Gazeta da BD #72 – AUTORES DE BD EM PORTUGAL – PODE ALGUÉM VIVER EXCLUSIVAMENTE DESTA PROFISSÃO?

Gazeta da BD #72 - 21 de Abril 2017

AUTORES DE BD EM PORTUGAL
PODE ALGUÉM VIVER EXCLUSIVAMENTE DESTA PROFISSÃO?


No Festival de Angoulême deste ano, foi apresentado um relatório dos États Généraux de la Bande Dessinée (Estados Gerais da Banda Desenhada), resultante de um inquérito respondido por cerca de 1500 autores a trabalhar em França, em que se revela que 36% dos inquiridos vive abaixo do limiar da pobreza – ver AQUI. O valor recebido pelo seu trabalho, considerado “abaixo do limiar da pobreza” é de 12.024 euros anuais, sendo que 53% dos 1.500 referidos, tem rendimentos inferiores ao salário mínimo que, em França é de 17.345 euros/ano. Como em Portugal o salário mínimo é de 7.798 euros/ano, tudo isto é muito relativo para nós.

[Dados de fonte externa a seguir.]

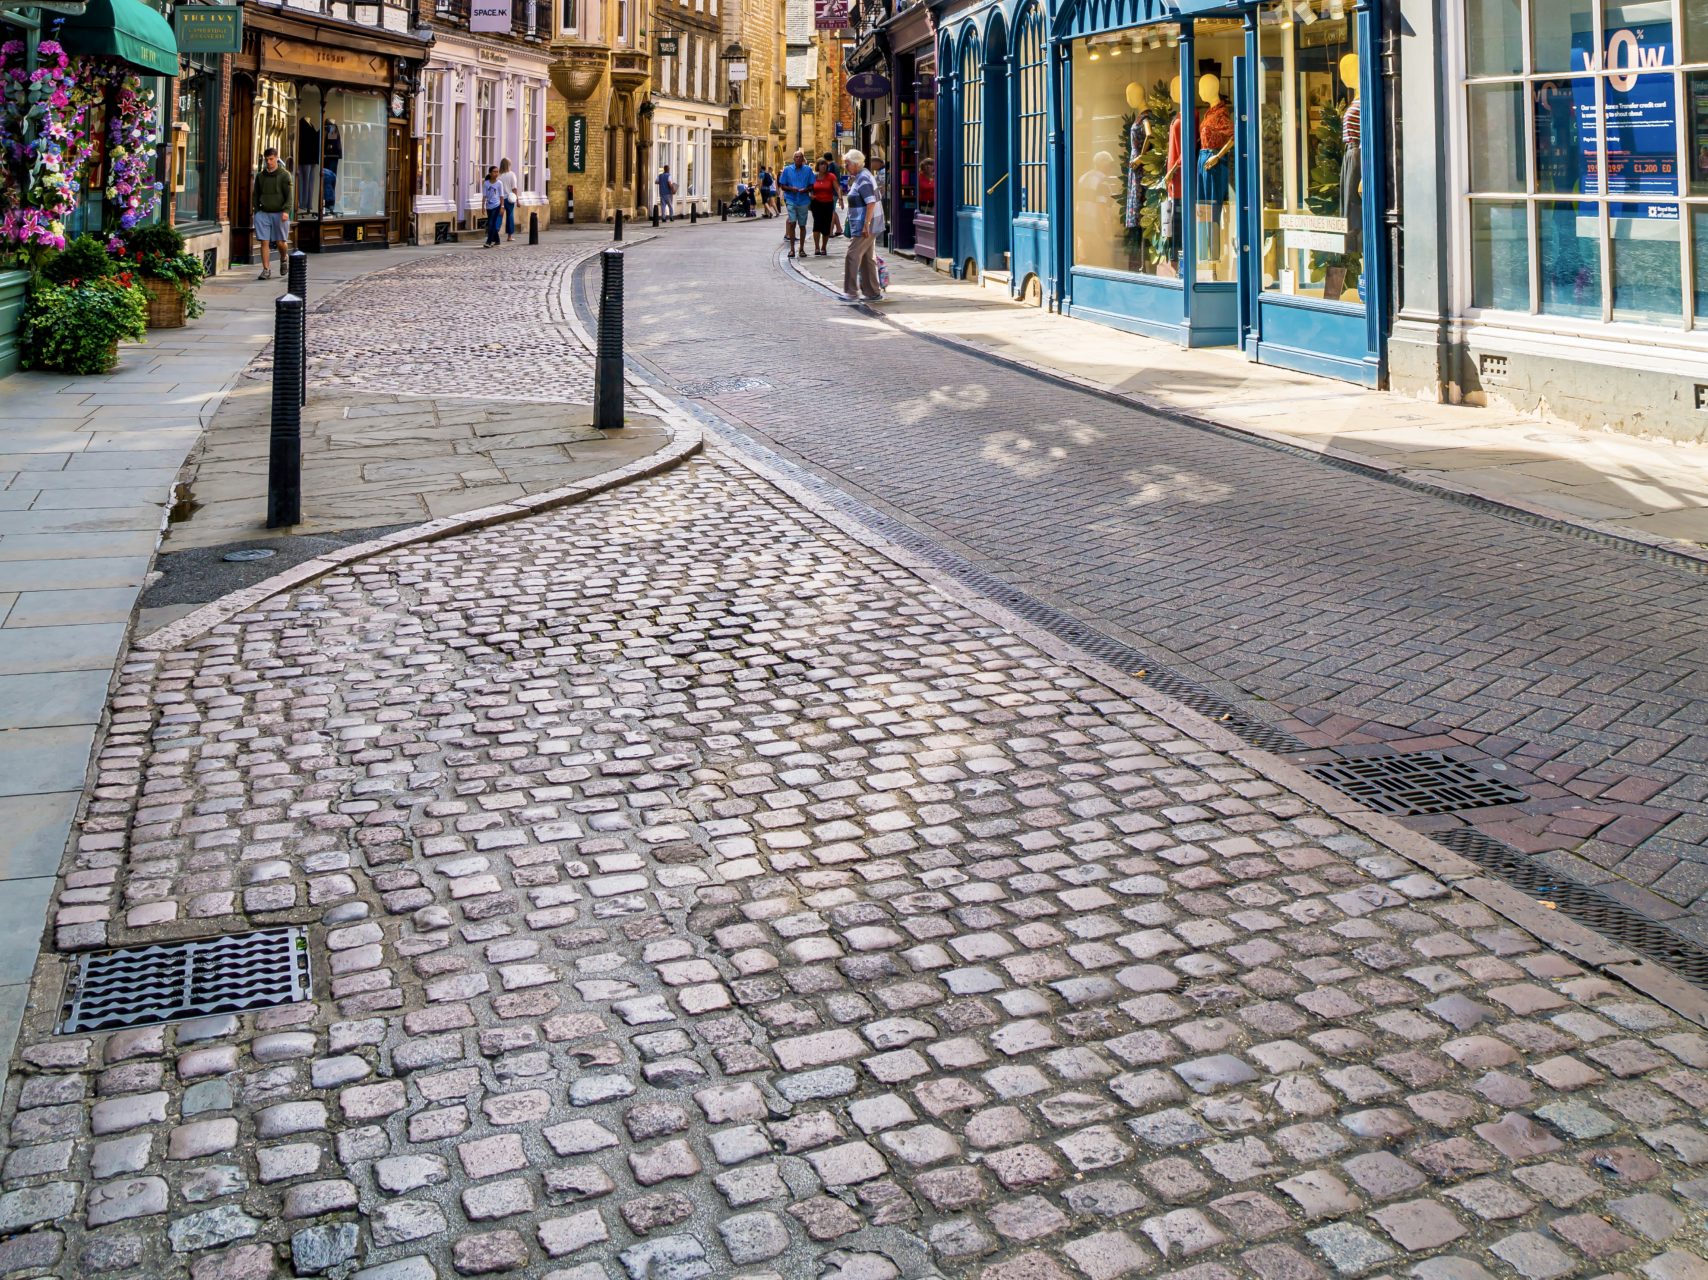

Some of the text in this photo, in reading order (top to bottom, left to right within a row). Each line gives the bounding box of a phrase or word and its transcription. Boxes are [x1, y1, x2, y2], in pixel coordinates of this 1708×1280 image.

[183, 14, 233, 22] THE IVY
[1634, 164, 1658, 174] £1,200
[1662, 164, 1671, 173] £0

Mas o nosso interesse é mesmo saber como são estas questões em Portugal. Ora por cá não existe qualquer agremiação de “classe” ou mesmo qualquer sentido de “classe” entre autores de BD. Nem há ninguém que saiba sequer quantos autores existem no activo em Portugal! E muito menos quanto ganham com o seu trabalho – os que ganham alguma coisa, claro.

Mas este tema da banda desenhada como profissão tem vindo, muito lenta e ocasionalmente, a ser motivo de debate entre nós. Para já e entre outras iniciativas muito dispersas e sem grande visibilidade, realizou-se no passado dia 7 de Abril uma mesa redonda sobre o tema “Pode alguém viver exclusivamente da Banda Desenhada?”, nas instalações do Ar.Co, no antigo mercado de Xabregas, que reuniu os dois autores-ilustradores Jorge Coelho e Filipe Andrade, com moderação do também autor Nuno Saraiva.

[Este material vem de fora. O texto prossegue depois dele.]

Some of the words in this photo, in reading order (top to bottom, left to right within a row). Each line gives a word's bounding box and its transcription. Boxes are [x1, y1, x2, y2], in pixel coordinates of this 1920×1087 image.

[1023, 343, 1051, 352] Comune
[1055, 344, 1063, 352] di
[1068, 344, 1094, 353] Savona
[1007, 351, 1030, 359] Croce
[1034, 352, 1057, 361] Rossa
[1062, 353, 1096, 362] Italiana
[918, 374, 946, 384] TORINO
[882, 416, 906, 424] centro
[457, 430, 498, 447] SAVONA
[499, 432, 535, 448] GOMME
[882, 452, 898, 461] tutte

Jorge Coelho e Filipe Andrade fazem parte de um naipe de autores portugueses que se aventurou numa via profissional, trabalhando para o mercado norte-americano, que lhes permite trabalho continuado e... receber o respectivo pagamento sem os engulhos que na maior parte das vezes têm de enfrentar os autores que trabalham para o insípido mercado nacional.

Se quisermos ser um pouco mais precisos na questão dos ganhos dos autores de BD neste país e depois de algumas conversas com três ou quatro autores/ilustradores, podemos traçar um pequeno quadro provisório de quanto ganham por cá, os autores de BD.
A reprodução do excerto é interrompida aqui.